» ENTRIES SUPPLIED

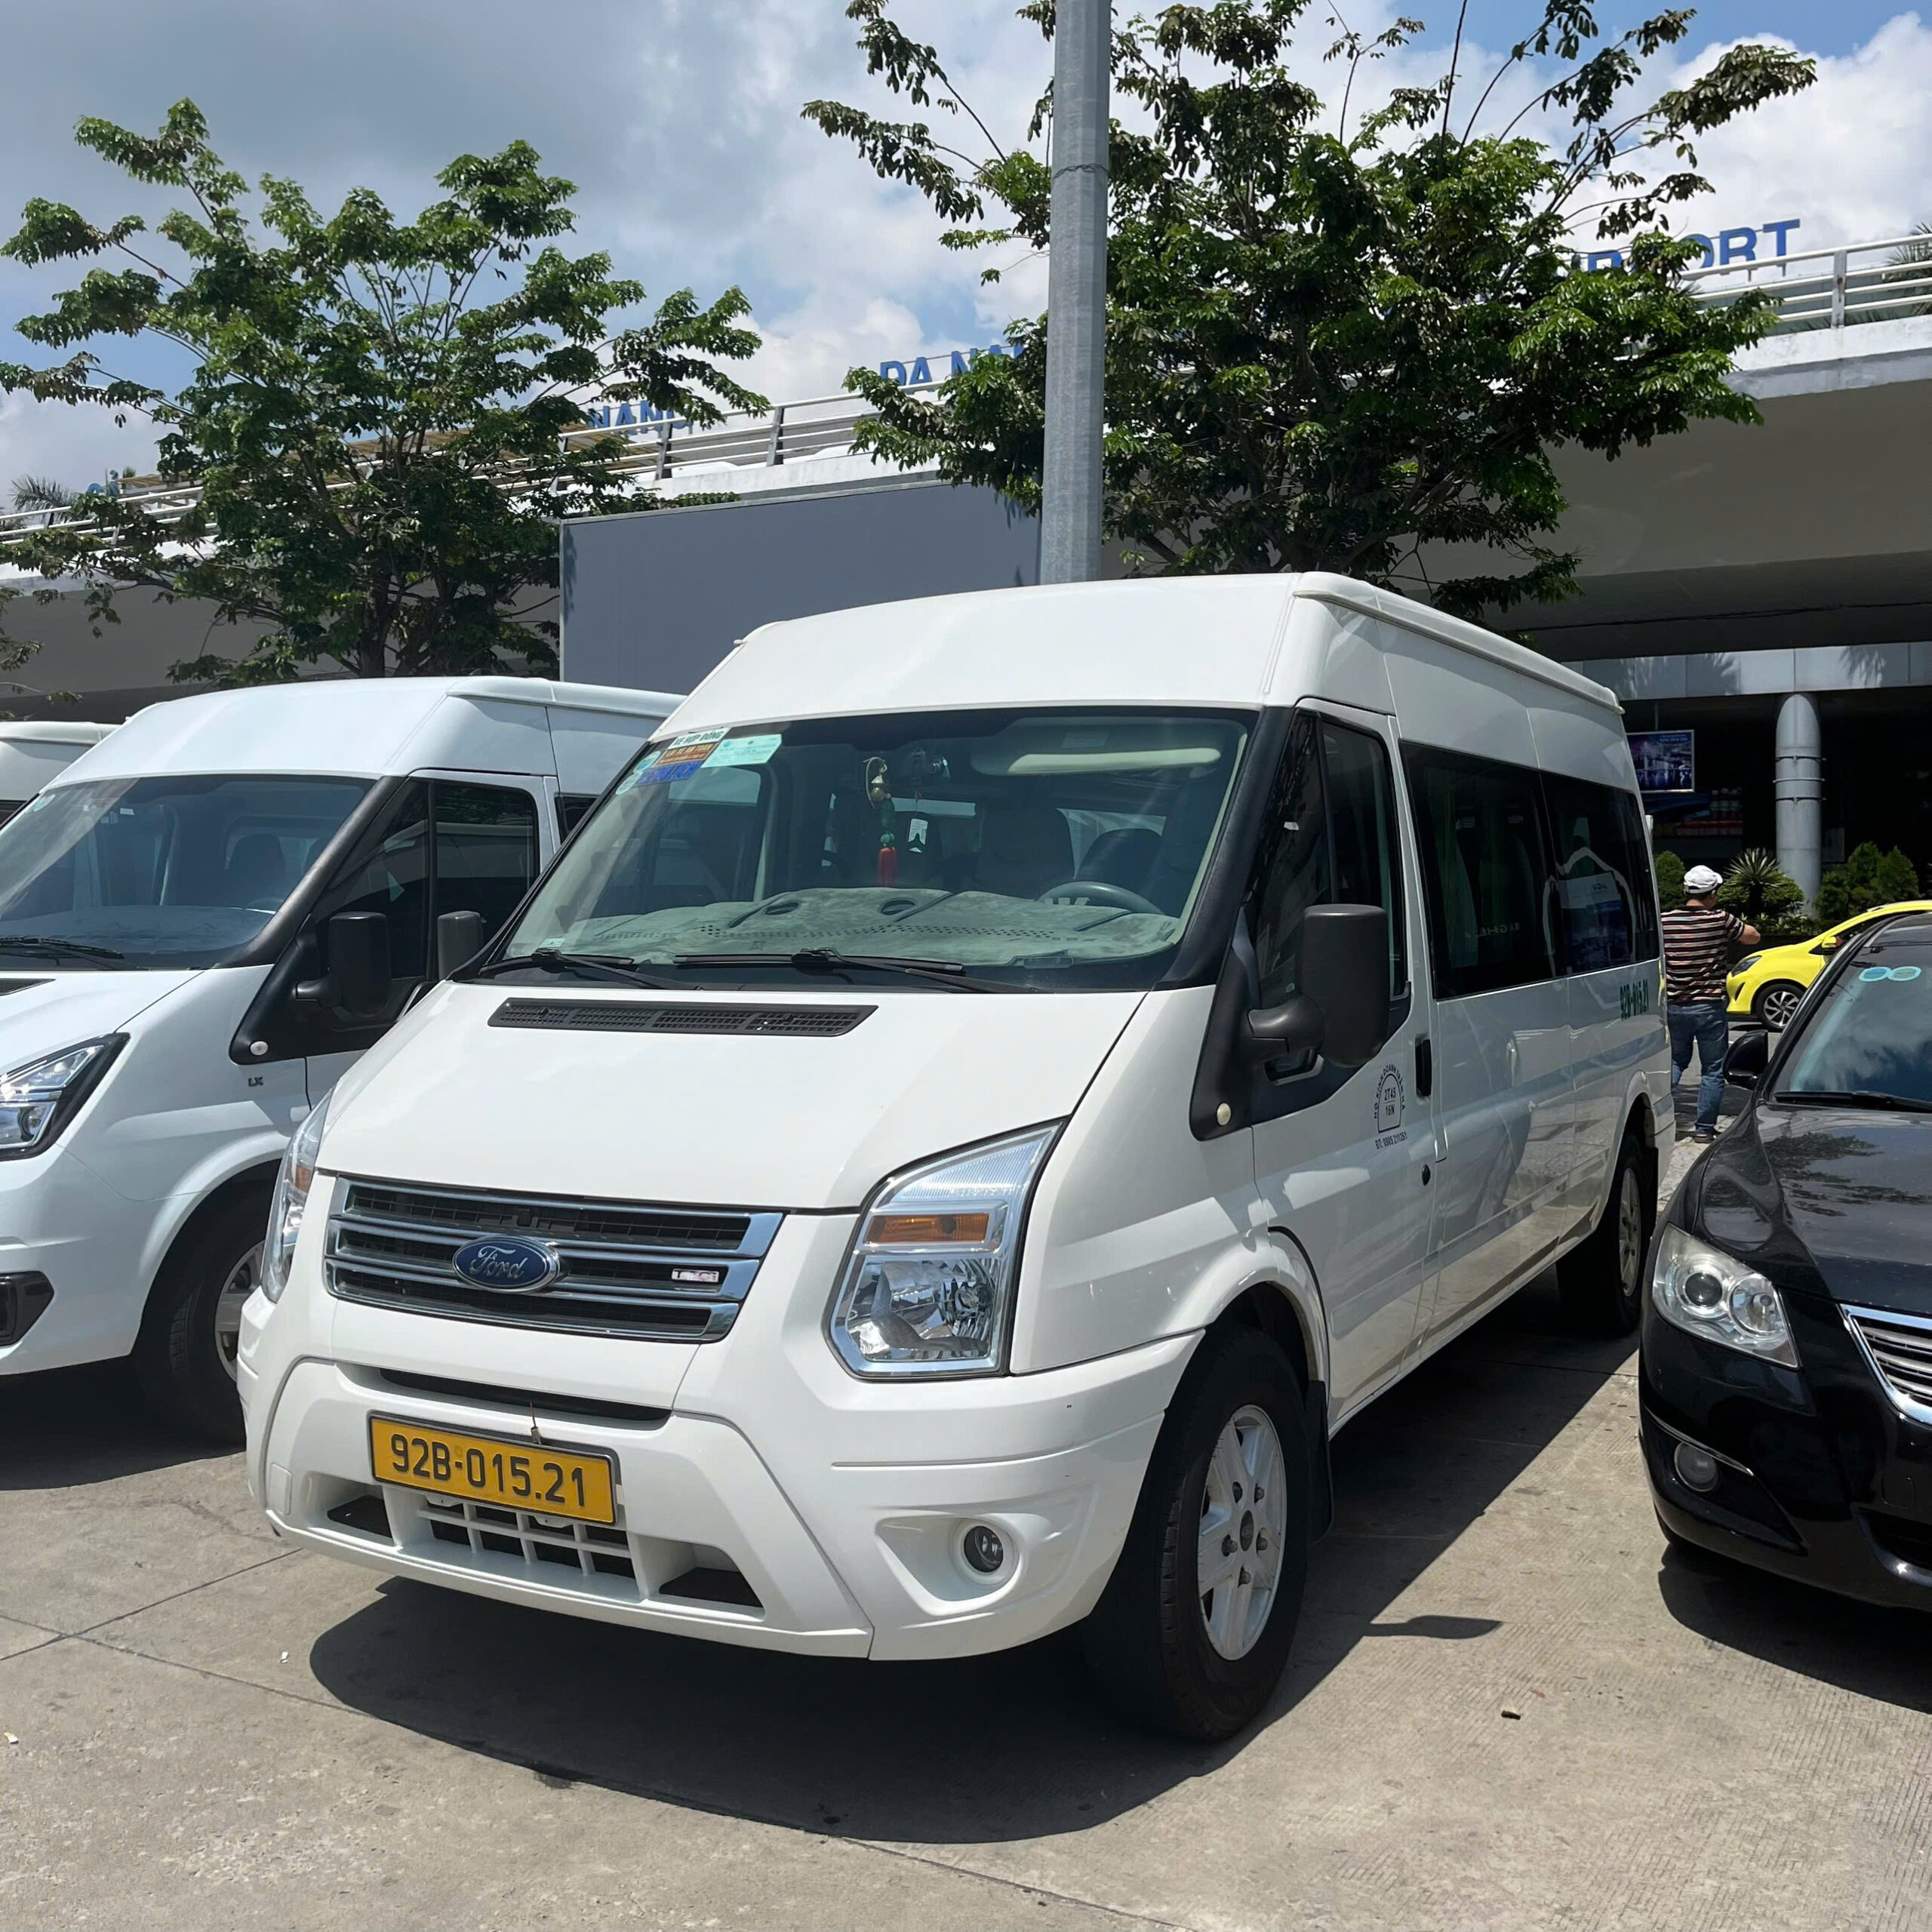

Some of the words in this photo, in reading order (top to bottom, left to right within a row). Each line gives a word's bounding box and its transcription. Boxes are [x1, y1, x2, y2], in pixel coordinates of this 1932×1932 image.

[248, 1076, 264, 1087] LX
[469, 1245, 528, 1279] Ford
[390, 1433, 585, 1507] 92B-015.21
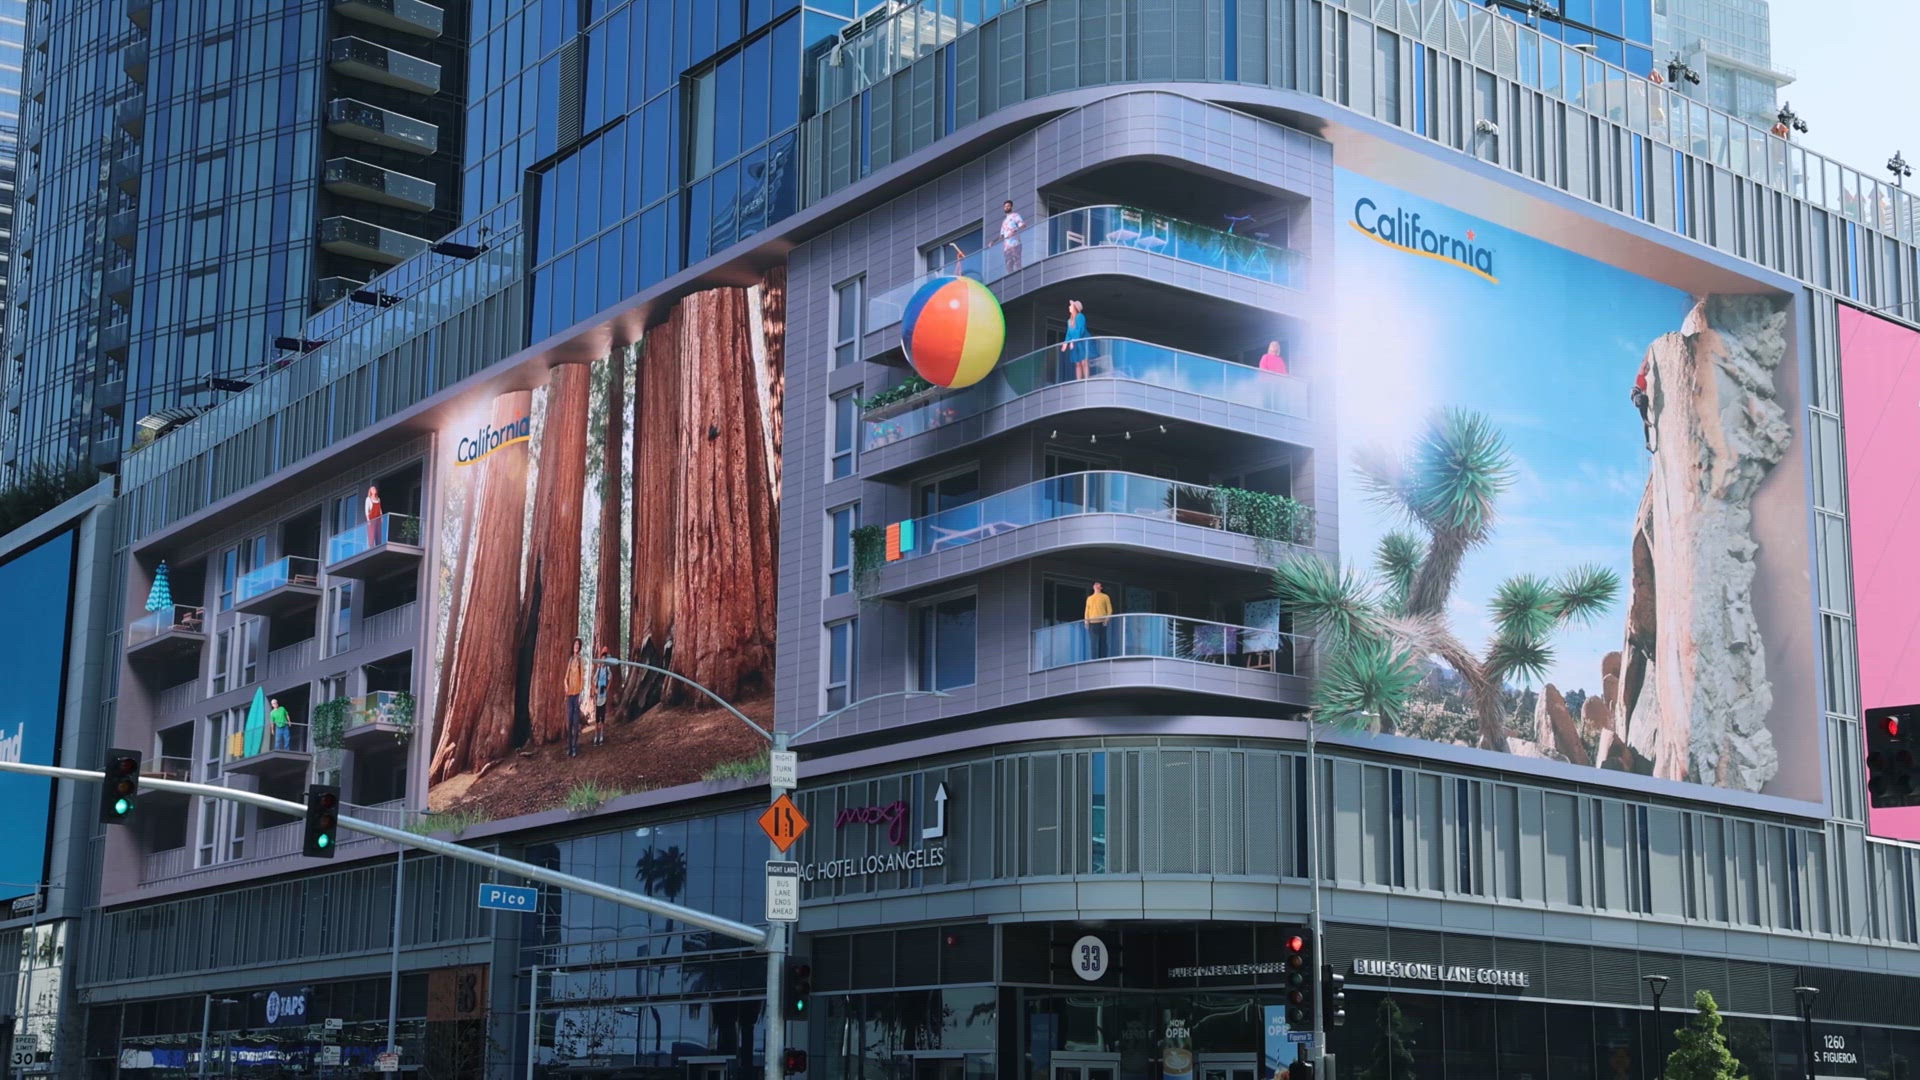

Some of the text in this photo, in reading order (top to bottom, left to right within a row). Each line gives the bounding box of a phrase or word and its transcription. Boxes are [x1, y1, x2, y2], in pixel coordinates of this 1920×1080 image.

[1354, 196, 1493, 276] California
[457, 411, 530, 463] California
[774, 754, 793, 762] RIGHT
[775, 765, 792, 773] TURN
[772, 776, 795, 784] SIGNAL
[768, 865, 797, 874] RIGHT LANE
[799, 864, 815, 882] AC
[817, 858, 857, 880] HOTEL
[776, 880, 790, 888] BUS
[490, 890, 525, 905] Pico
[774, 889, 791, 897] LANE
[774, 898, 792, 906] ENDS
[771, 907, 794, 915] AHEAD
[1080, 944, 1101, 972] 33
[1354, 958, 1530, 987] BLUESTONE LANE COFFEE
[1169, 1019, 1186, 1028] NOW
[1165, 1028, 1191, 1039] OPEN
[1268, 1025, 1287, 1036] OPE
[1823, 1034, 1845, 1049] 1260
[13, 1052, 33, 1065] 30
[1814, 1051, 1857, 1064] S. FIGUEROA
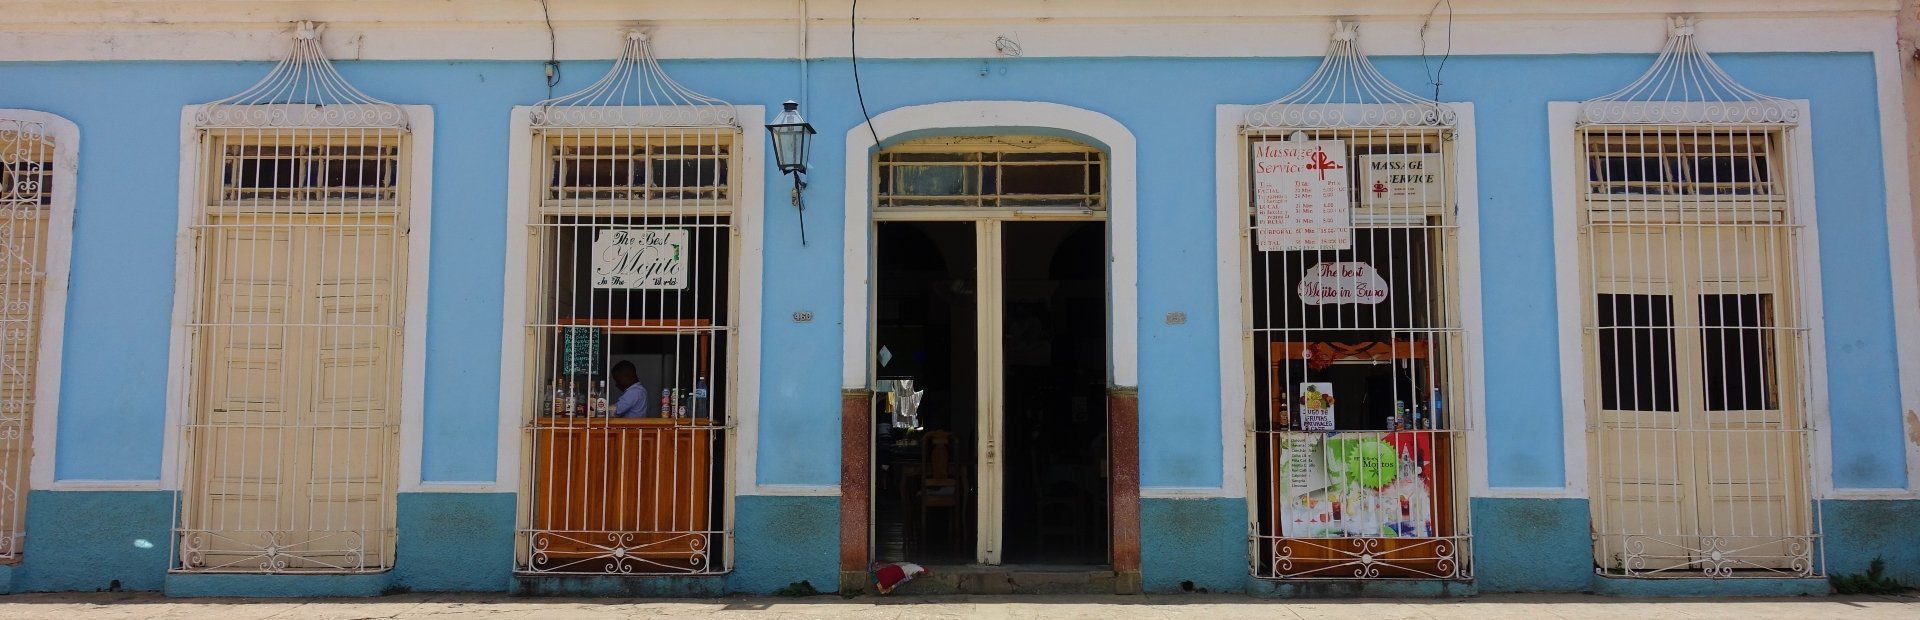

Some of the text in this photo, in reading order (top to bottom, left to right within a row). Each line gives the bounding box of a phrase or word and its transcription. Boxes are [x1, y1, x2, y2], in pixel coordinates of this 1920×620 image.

» BRIEF
Only the pictures are to be omitted; the records above must otherwise be reproduced exactly.

» TASK SOLUTION
Some of the words in this photo, in reading order (top to bottom, left to right within a row). Each line gives a word's bounding box and its transcription. Boxes are [x1, y1, x2, y2], in pixel coordinates of this 1932×1932 image.

[248, 1076, 264, 1087] LX
[469, 1245, 528, 1279] Ford
[390, 1433, 585, 1507] 92B-015.21

Some of the text in this photo, in reading order (top to bottom, left to right within a row). Each line gives the bounding box of a phrase or word and its transcription. Boxes are [x1, y1, x2, y2], in pixel coordinates of this 1920×1080 image.

[1354, 196, 1493, 276] California
[457, 411, 530, 463] California
[774, 754, 793, 762] RIGHT
[775, 765, 792, 773] TURN
[772, 776, 795, 784] SIGNAL
[768, 865, 797, 874] RIGHT LANE
[799, 864, 815, 882] AC
[817, 858, 857, 880] HOTEL
[776, 880, 790, 888] BUS
[490, 890, 525, 905] Pico
[774, 889, 791, 897] LANE
[774, 898, 792, 906] ENDS
[771, 907, 794, 915] AHEAD
[1080, 944, 1101, 972] 33
[1354, 958, 1530, 987] BLUESTONE LANE COFFEE
[1169, 1019, 1186, 1028] NOW
[1165, 1028, 1191, 1039] OPEN
[1268, 1025, 1287, 1036] OPE
[1823, 1034, 1845, 1049] 1260
[13, 1052, 33, 1065] 30
[1814, 1051, 1857, 1064] S. FIGUEROA

Some of the text in this photo, in reading order (top to bottom, left to right within a row). Each line gives the bounding box of a phrase or word and its transcription. Boxes are [x1, y1, x2, y2], in pixel coordinates of this 1920×620 image.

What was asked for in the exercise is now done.